• Task requirements: Omit the pictures from the listing below and print every remaining entry verbatim.

Dataset extract: Begin

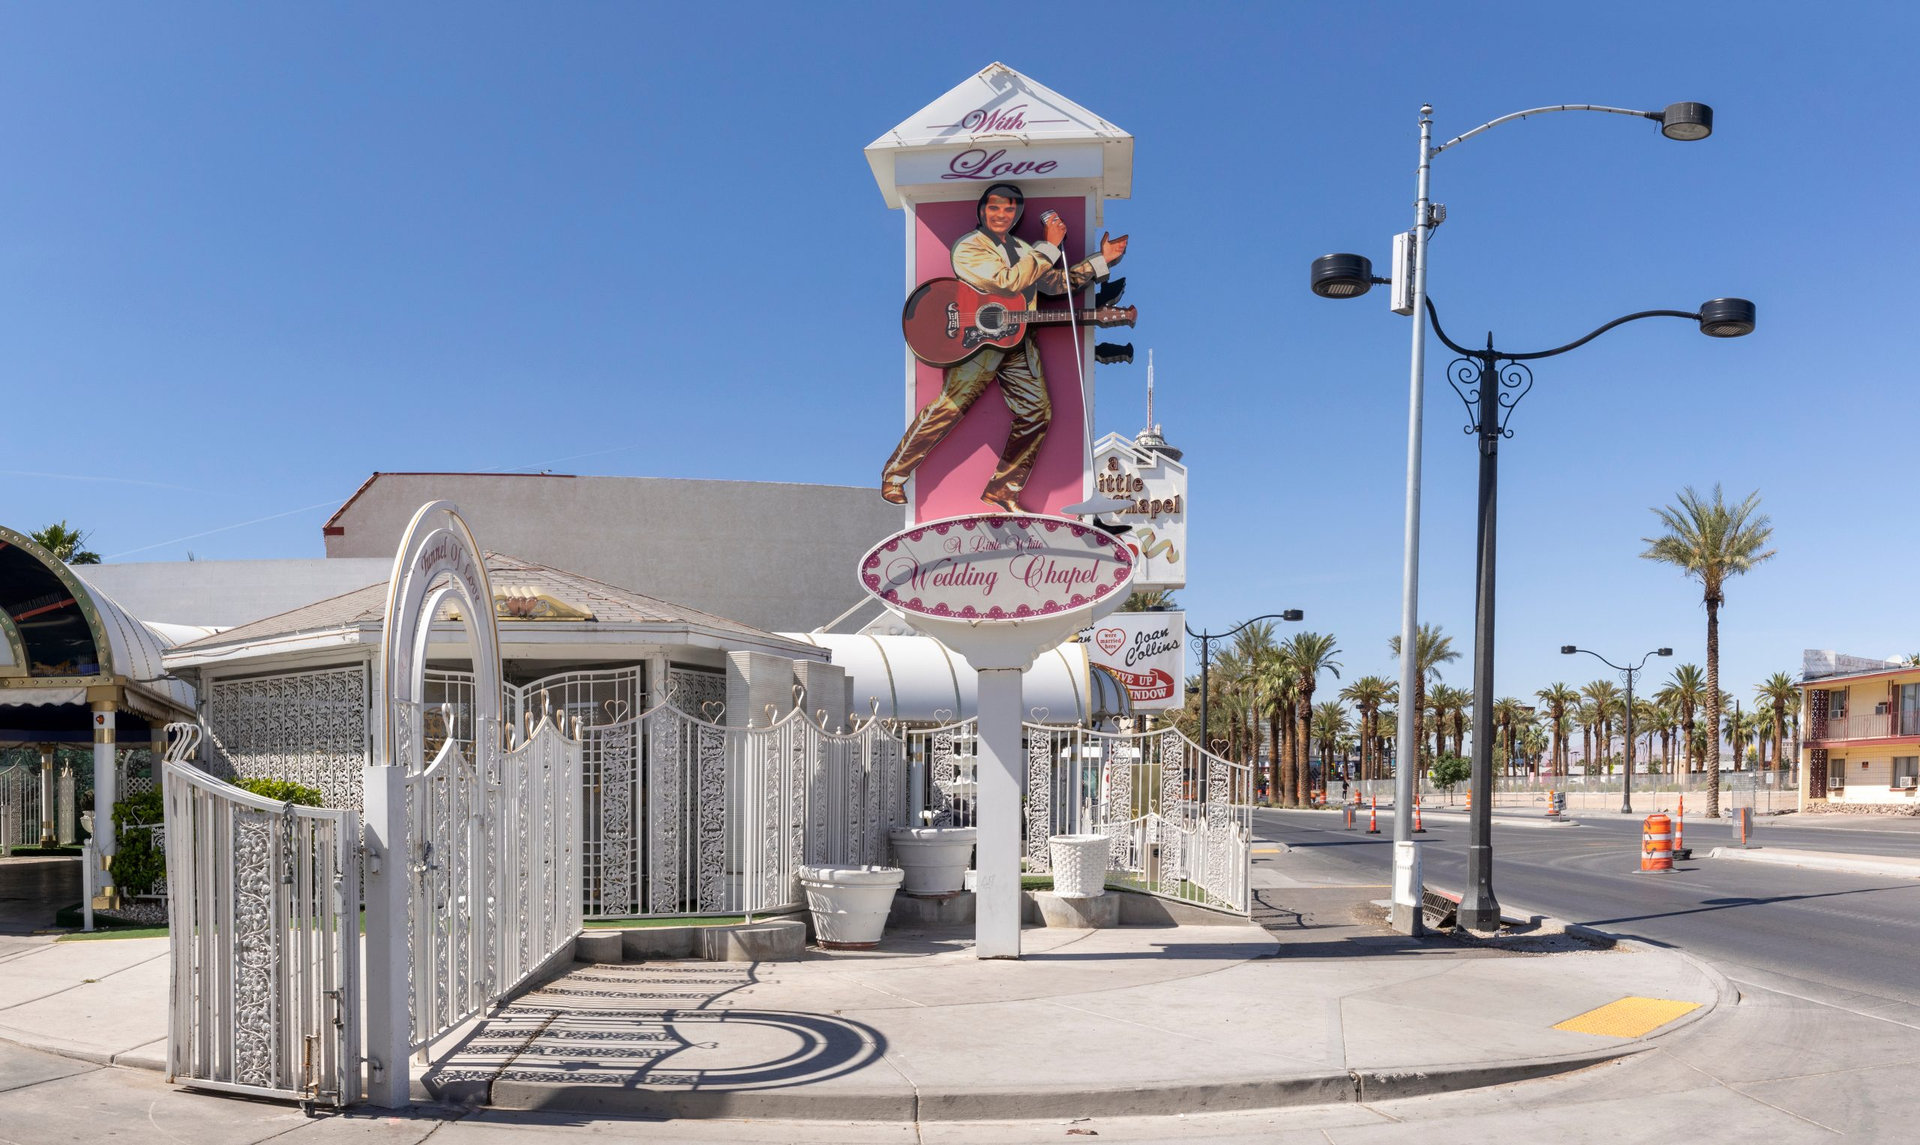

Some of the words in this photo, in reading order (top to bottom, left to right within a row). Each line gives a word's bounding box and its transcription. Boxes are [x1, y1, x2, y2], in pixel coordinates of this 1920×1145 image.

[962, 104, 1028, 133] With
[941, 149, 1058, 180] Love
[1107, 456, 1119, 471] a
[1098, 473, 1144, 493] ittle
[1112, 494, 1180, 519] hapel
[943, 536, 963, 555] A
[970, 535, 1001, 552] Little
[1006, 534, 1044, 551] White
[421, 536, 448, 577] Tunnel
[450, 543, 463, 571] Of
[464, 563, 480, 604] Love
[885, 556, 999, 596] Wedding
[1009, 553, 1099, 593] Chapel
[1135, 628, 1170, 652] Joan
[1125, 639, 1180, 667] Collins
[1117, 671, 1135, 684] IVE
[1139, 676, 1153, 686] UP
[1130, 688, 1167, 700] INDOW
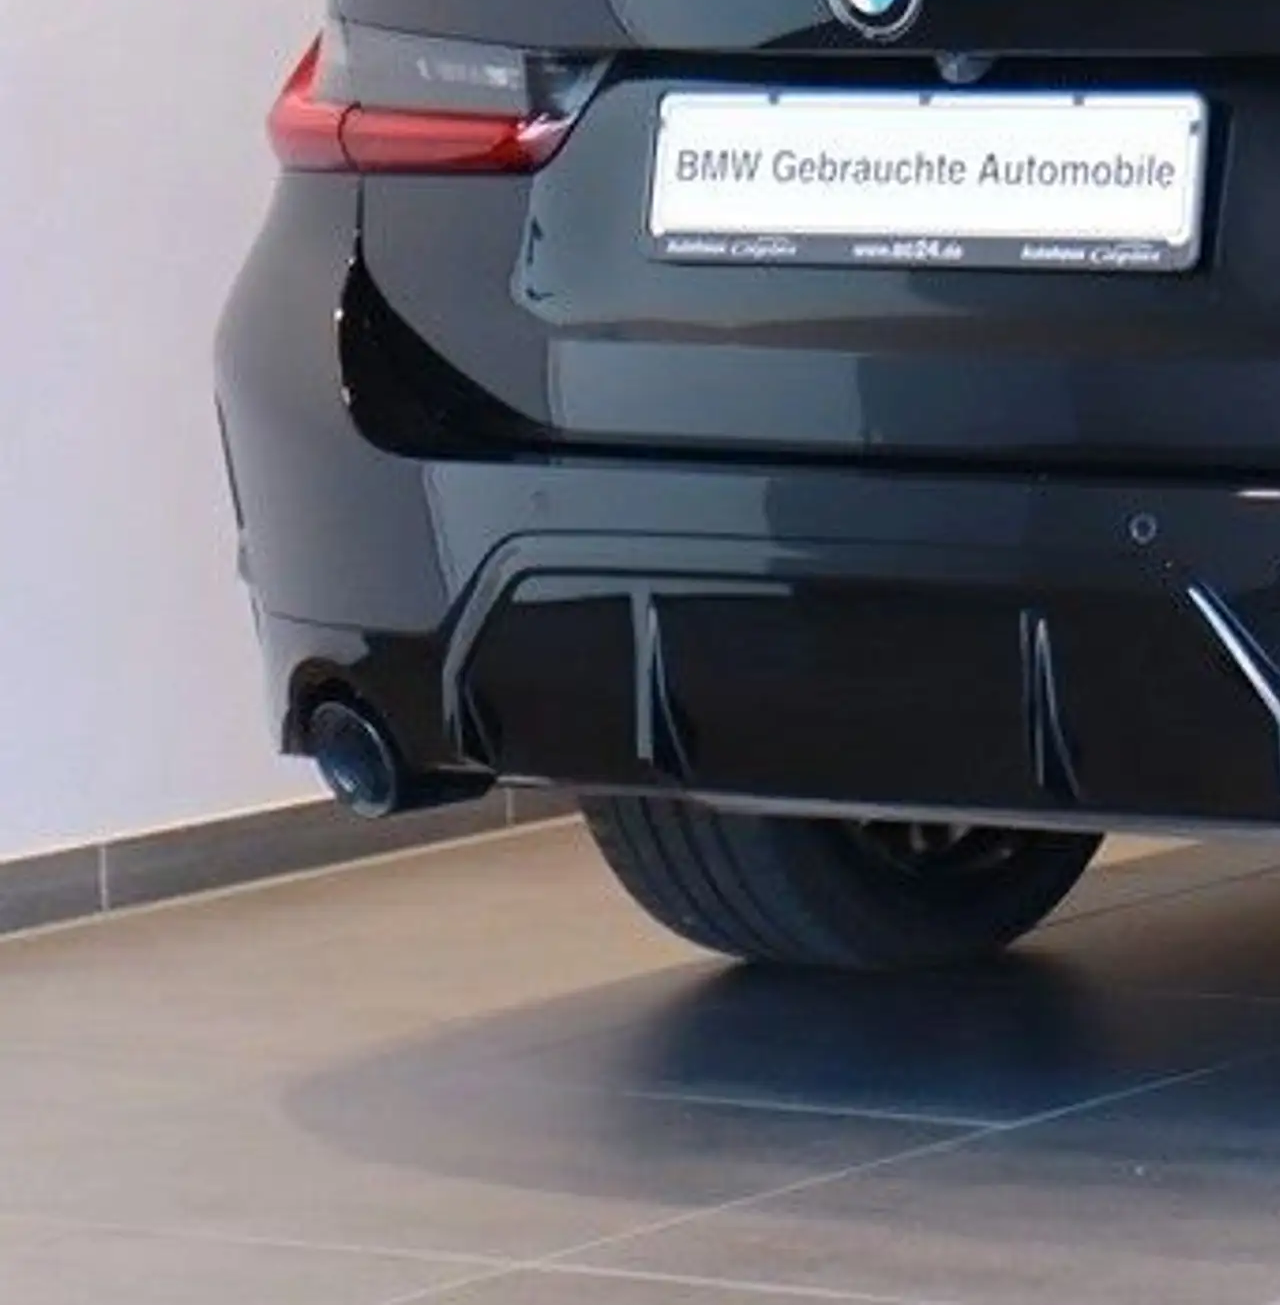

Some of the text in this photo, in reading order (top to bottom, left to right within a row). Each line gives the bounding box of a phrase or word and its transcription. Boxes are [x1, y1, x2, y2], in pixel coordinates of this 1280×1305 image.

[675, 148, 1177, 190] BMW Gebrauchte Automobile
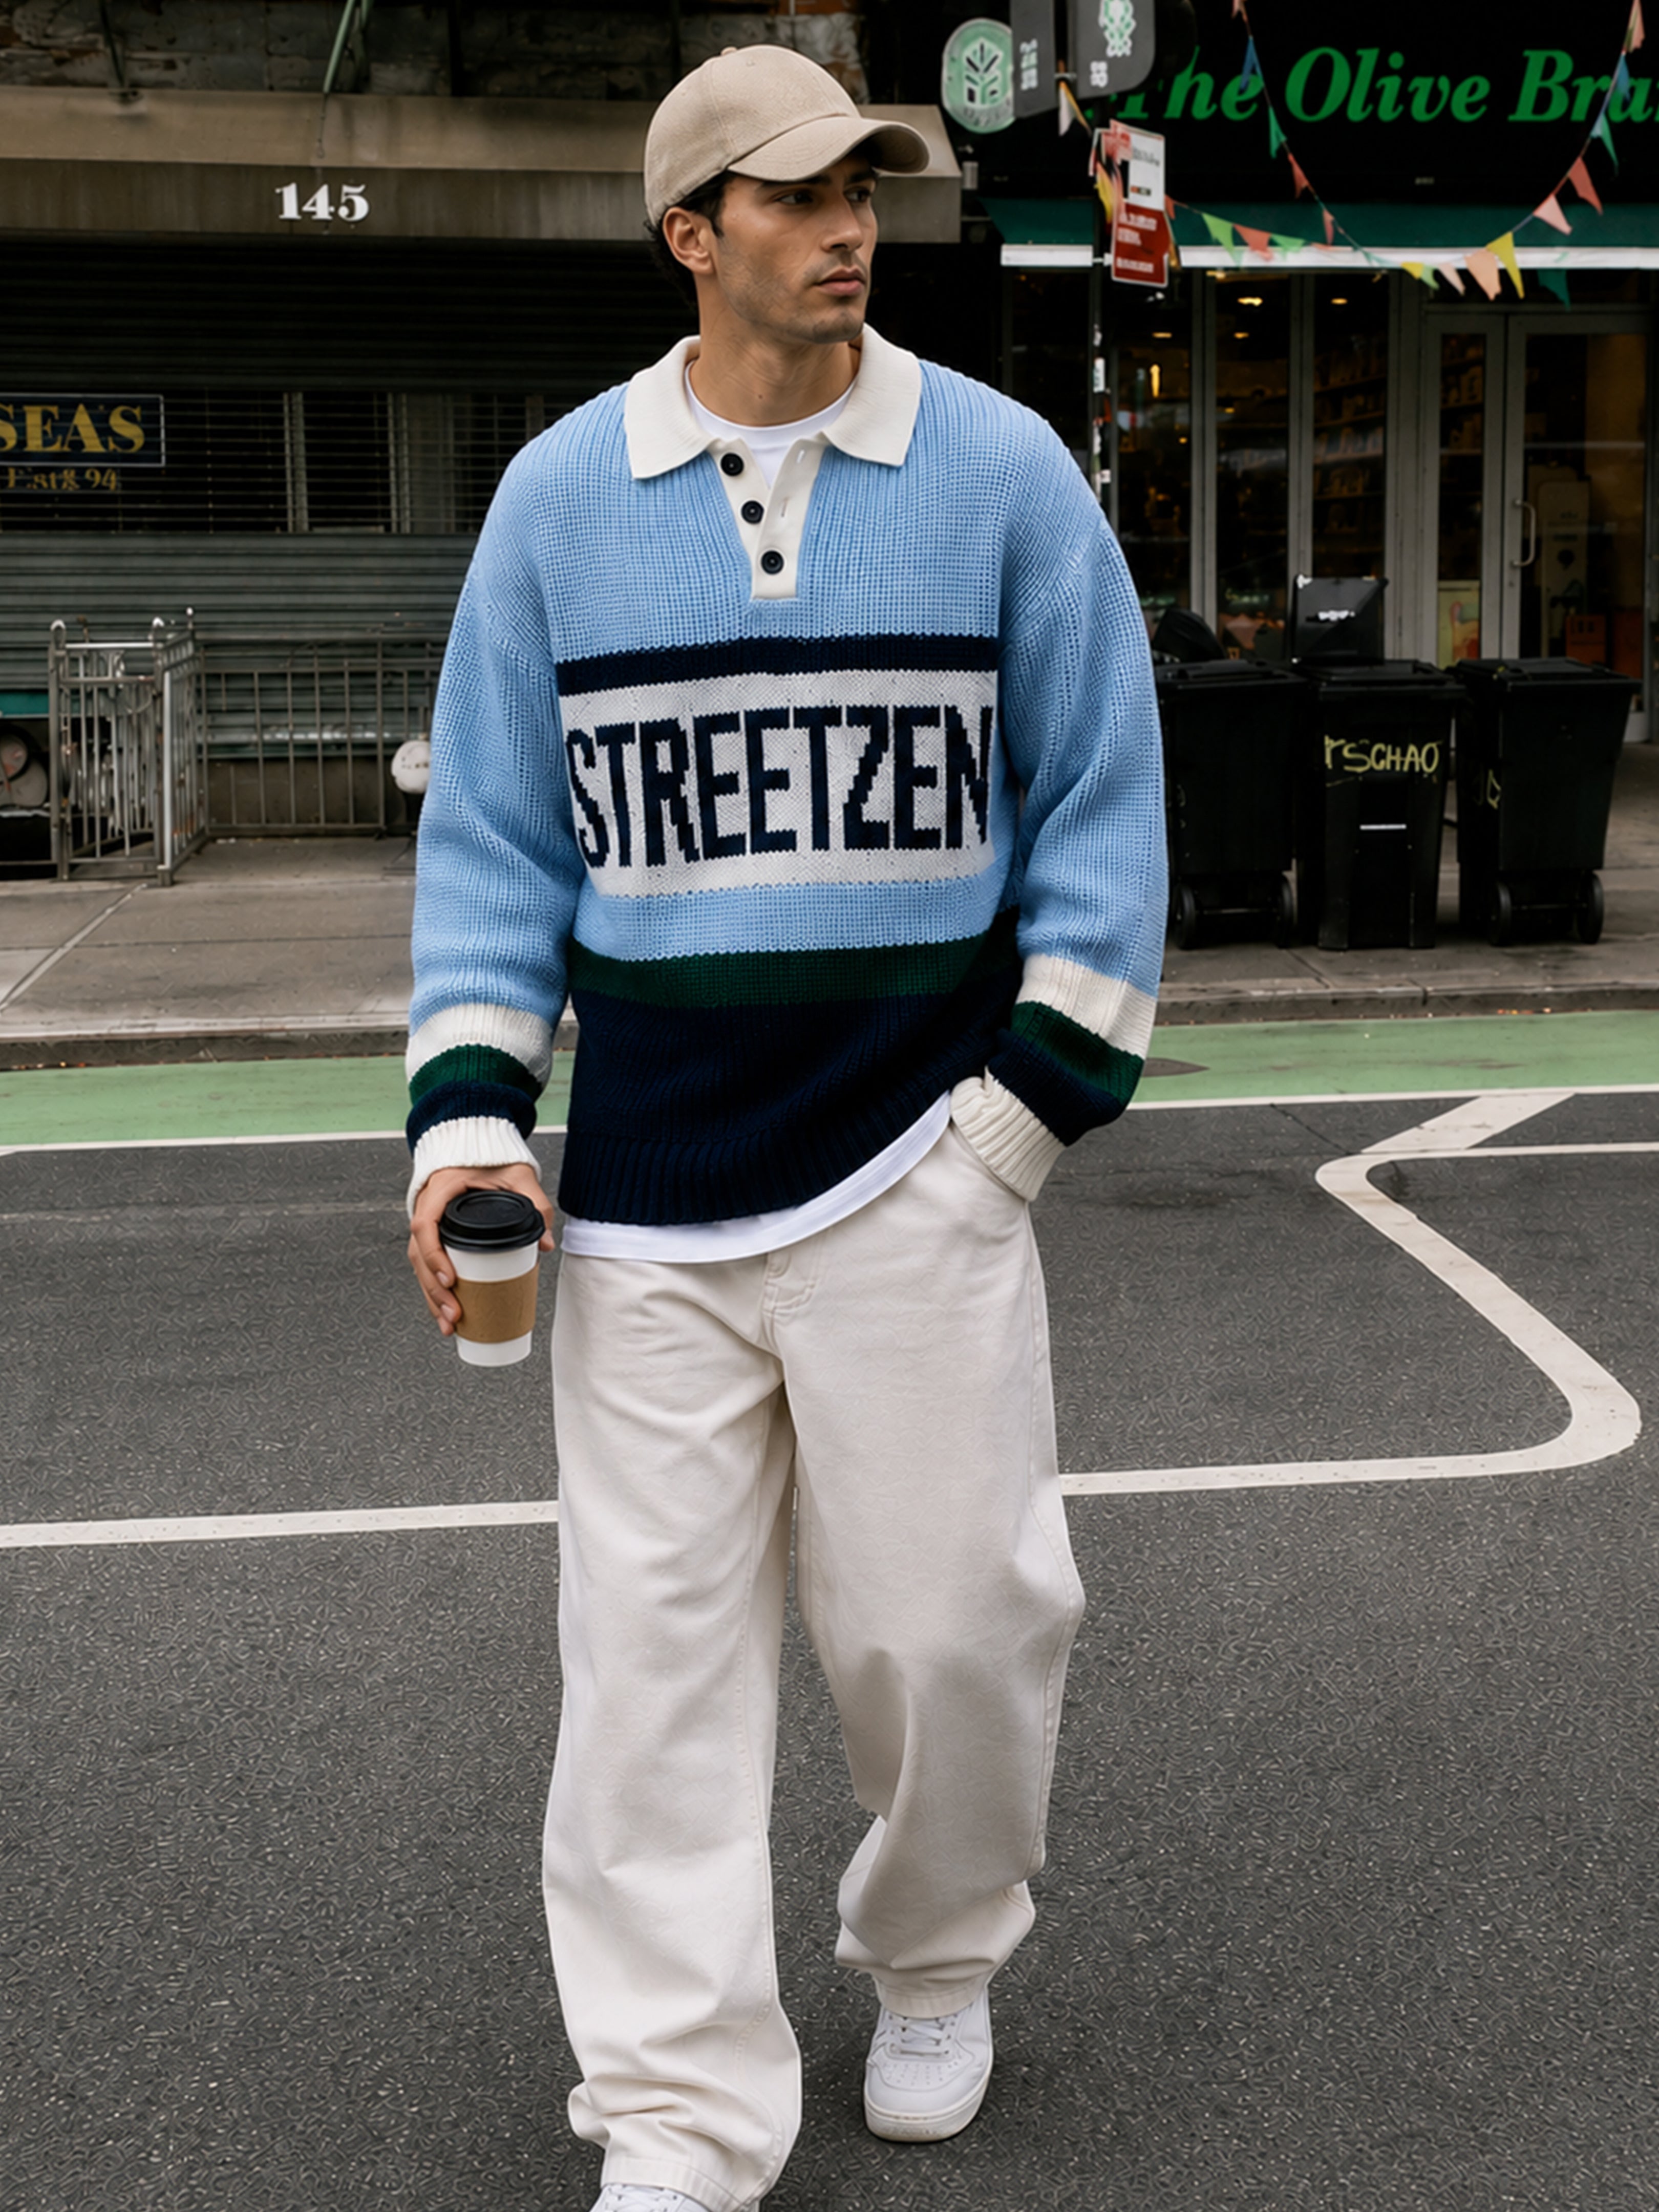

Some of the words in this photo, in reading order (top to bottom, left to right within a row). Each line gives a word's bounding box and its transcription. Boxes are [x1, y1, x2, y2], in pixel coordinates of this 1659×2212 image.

Dataset extract: End

• Output:
Some of the words in this photo, in reading order (top to bottom, left to right within a row). Each line gives a word's bounding box and its transcription. Boxes are [x1, y1, x2, y2], in pixel coordinates of this 1920×1145 image.

[962, 104, 1028, 133] With
[941, 149, 1058, 180] Love
[1107, 456, 1119, 471] a
[1098, 473, 1144, 493] ittle
[1112, 494, 1180, 519] hapel
[943, 536, 963, 555] A
[970, 535, 1001, 552] Little
[1006, 534, 1044, 551] White
[421, 536, 448, 577] Tunnel
[450, 543, 463, 571] Of
[464, 563, 480, 604] Love
[885, 556, 999, 596] Wedding
[1009, 553, 1099, 593] Chapel
[1135, 628, 1170, 652] Joan
[1125, 639, 1180, 667] Collins
[1117, 671, 1135, 684] IVE
[1139, 676, 1153, 686] UP
[1130, 688, 1167, 700] INDOW

Some of the text in this photo, in reading order (top to bottom, left to right within a row). Each line gives the bounding box of a phrase or word and its transcription. Boxes are [x1, y1, x2, y2], in pixel coordinates of this 1280×1305 image.

[675, 148, 1177, 190] BMW Gebrauchte Automobile

Some of the words in this photo, in reading order (top to bottom, left to right within a row). Each line gives a word's bounding box and its transcription. Boxes are [x1, y1, x2, y2], in pixel coordinates of this 1659×2212 image.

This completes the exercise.